The idea of group cohesiveness refers to the attractiveness of a team to its members. If a group is high in cohesiveness, membership is quite satisfying to its members. If it’s low in cohesiveness, members are unhappy with it and may try to leave it.15
What Makes a Team Cohesive?
Numerous factors may contribute to team cohesiveness, but in this section, we’ll focus on five of the most important:
- Size. The bigger the team, the less satisfied members tend to be. When teams get too large, members find it harder to interact closely with other members; a few members tend to dominate team activities, and conflict becomes more likely.
- Similarity. People usually get along better with people like themselves, and teams are generally more cohesive when members perceive fellow members as people who share their own attitudes and experience.
- Success.
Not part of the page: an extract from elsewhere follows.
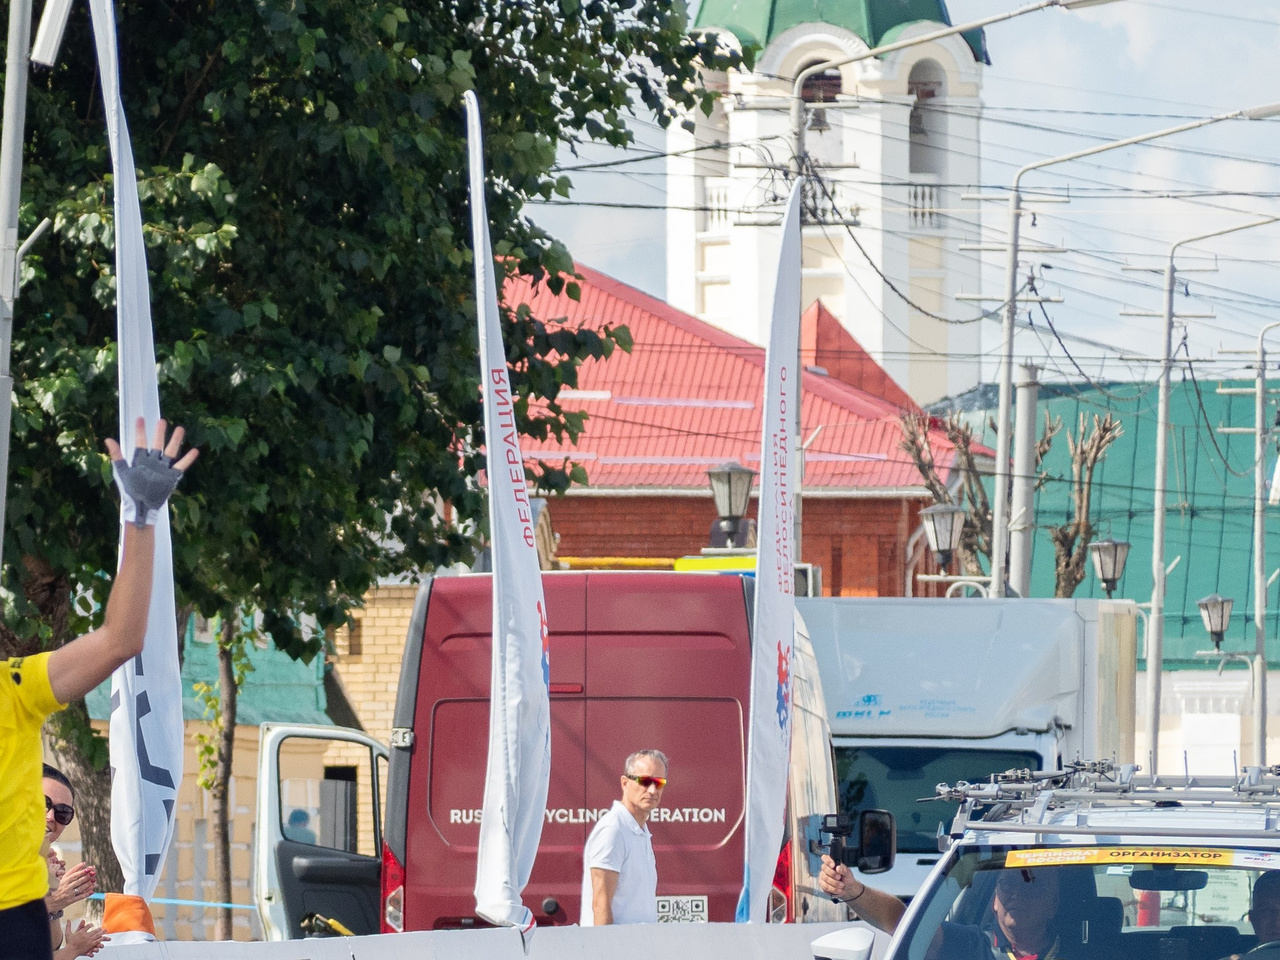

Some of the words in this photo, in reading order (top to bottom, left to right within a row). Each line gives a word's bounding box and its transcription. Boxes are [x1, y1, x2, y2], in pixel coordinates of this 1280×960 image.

[491, 368, 535, 548] ФЕДЕРАЦИЯ
[545, 808, 609, 823] YCLIN
[645, 808, 726, 822] ERATION
[1109, 851, 1223, 859] ОРГАНИЗАТОР
When teams are successful, members are satisfied, and other people are more likely to be attracted to their teams.
- Exclusiveness. The harder it is to get into a group, the happier the people who are already in it. Team status also increases members’ satisfaction.
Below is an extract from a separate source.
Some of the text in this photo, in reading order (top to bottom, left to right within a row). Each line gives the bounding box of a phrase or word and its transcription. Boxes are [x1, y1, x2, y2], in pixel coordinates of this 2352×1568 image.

- Competition. Membership is valued more highly when there is motivation to achieve common goals and outperform other teams.
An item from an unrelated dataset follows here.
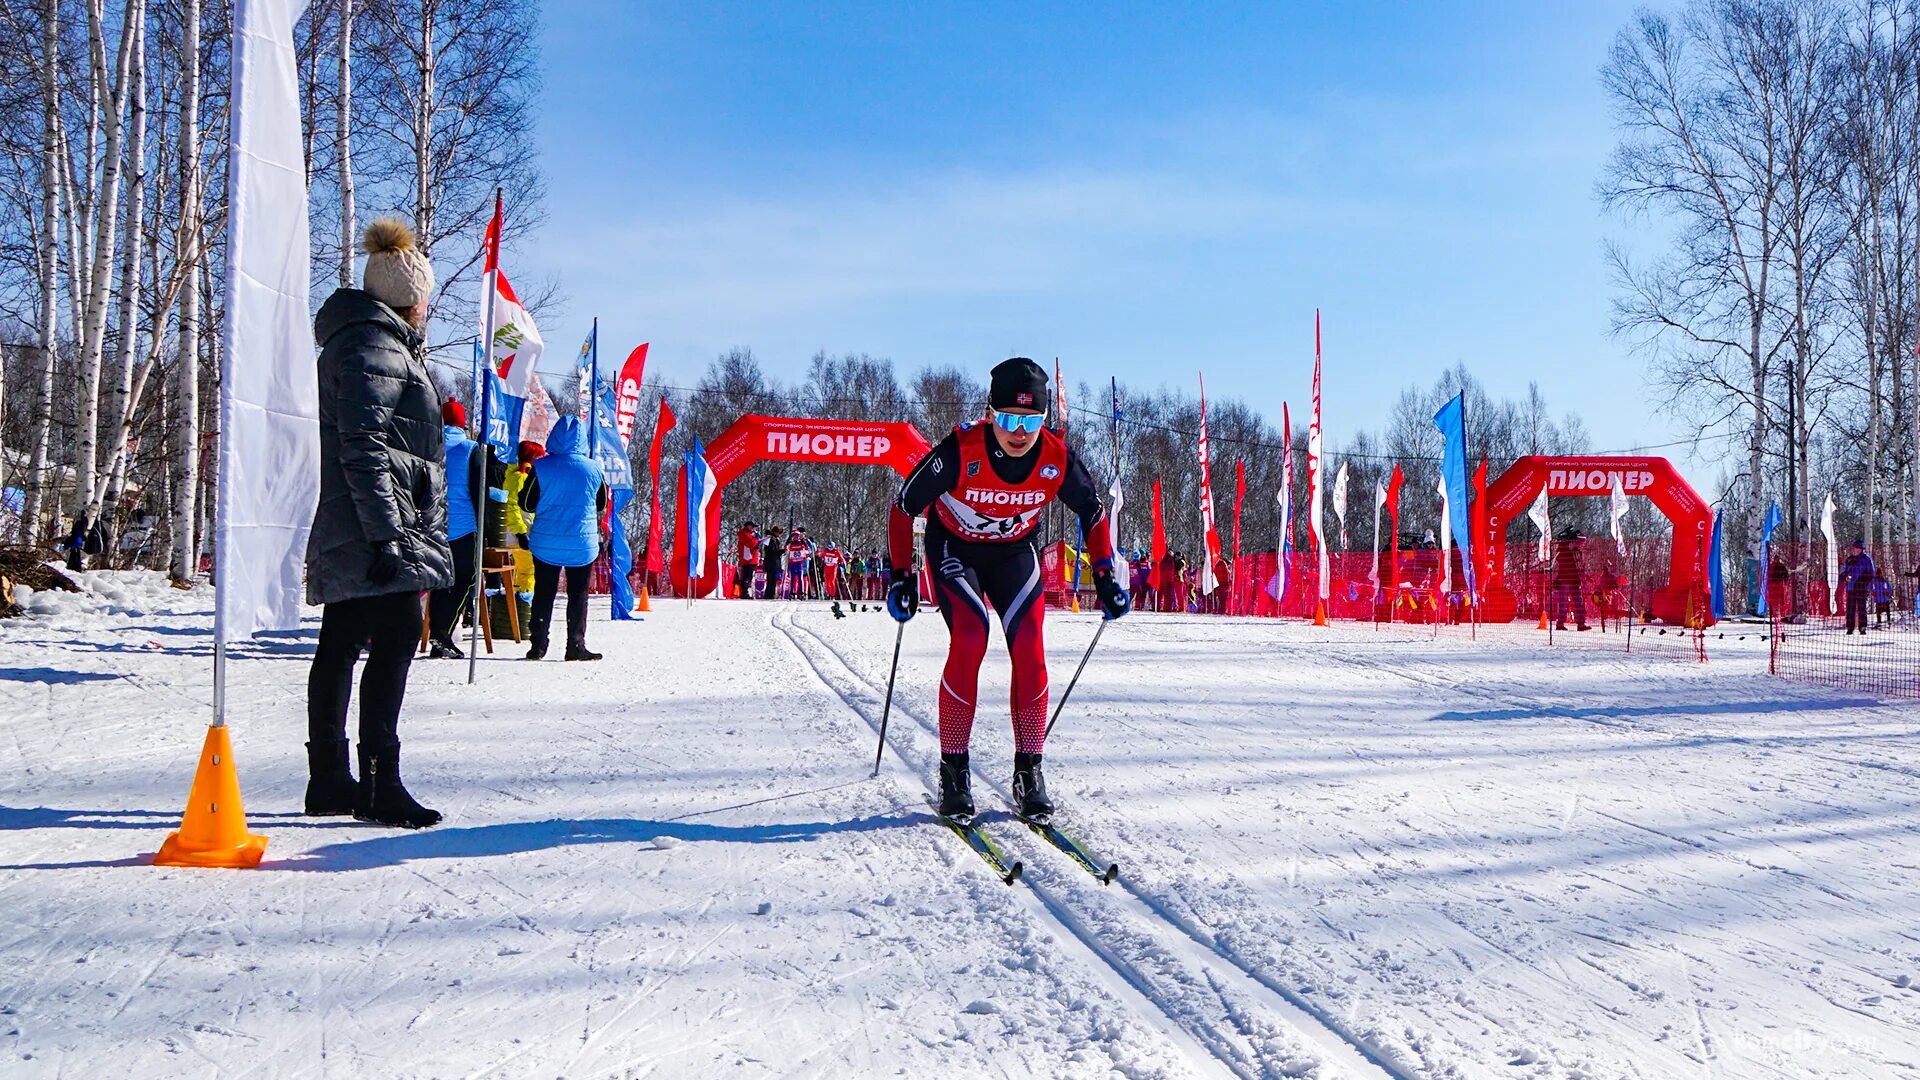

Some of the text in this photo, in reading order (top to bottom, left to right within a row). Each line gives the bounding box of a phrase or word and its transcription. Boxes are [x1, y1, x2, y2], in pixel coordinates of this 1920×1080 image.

[766, 431, 891, 458] ПИОНЕР
[1548, 470, 1655, 490] ПИОНЕР
[964, 489, 1046, 506] ПИОНЕР
Maintaining team focus on broad organizational goals is crucial. If members get too wrapped up in immediate team goals, the whole team may lose sight of the larger organizational goals toward which it’s supposed to be working. Let’s look at some factors that can erode team performance.
It’s easy for leaders to direct members toward team goals when members are all on the same page—when there’s a basic willingness to conform to the team’s rules. When there’s too much conformity, however, the group can become ineffective: it may resist fresh ideas and, what’s worse, may end up adopting its own dysfunctional tendencies as its way of doing things. Such tendencies may also encourage a phenomenon known as groupthink—the tendency to conform to group pressure in making decisions, while failing to think critically or to consider outside influences.
Groupthink is often cited as a factor in the explosion of the space shuttle Challenger in January 1986: engineers from a supplier of components for the rocket booster warned that the launch might be risky because of the weather but were persuaded to set aside their warning by NASA officials who wanted the launch to proceed as scheduled.16
Motivation and Frustration
Remember that teams are composed of people, and whatever the roles they happen to be playing at a given time, people are subject to psychological ups and downs. As members of workplace teams, they need motivation, and when motivation is low, so are effectiveness and productivity. The difficulty of maintaining a high level of motivation is the chief cause of frustration among members of teams. As such, it’s also a chief cause of ineffective teamwork, and that’s one reason why more employers now look for the ability to develop and sustain motivation when they’re hiring new managers.17
Other Factors that Erode Performance
Let’s take a quick look at three other obstacles to success in introducing teams into an organization:18
- Unwillingness to cooperate. Failure to cooperate can occur when members don’t or won’t commit to a common goal or set of activities. What if, for example, half the members of a product-development team want to create a brand-new product and half want to improve an existing product? The entire team may get stuck on this point of contention for weeks or even months. Lack of cooperation between teams can also be problematic to an organization.
- Lack of managerial support. Every team requires organizational resources to achieve its goals, and if management isn’t willing to commit the needed resources— say, funding or key personnel—a team will probably fall short of those goals.
- Failure of managers to delegate authority. Team leaders are often chosen from the ranks of successful supervisors—first-line managers give instructions on a day-to-day basis and expect to have them carried out. This approach to workplace activities may not work very well in leading a team—a position in which success depends on building a consensus and letting people make their own decisions.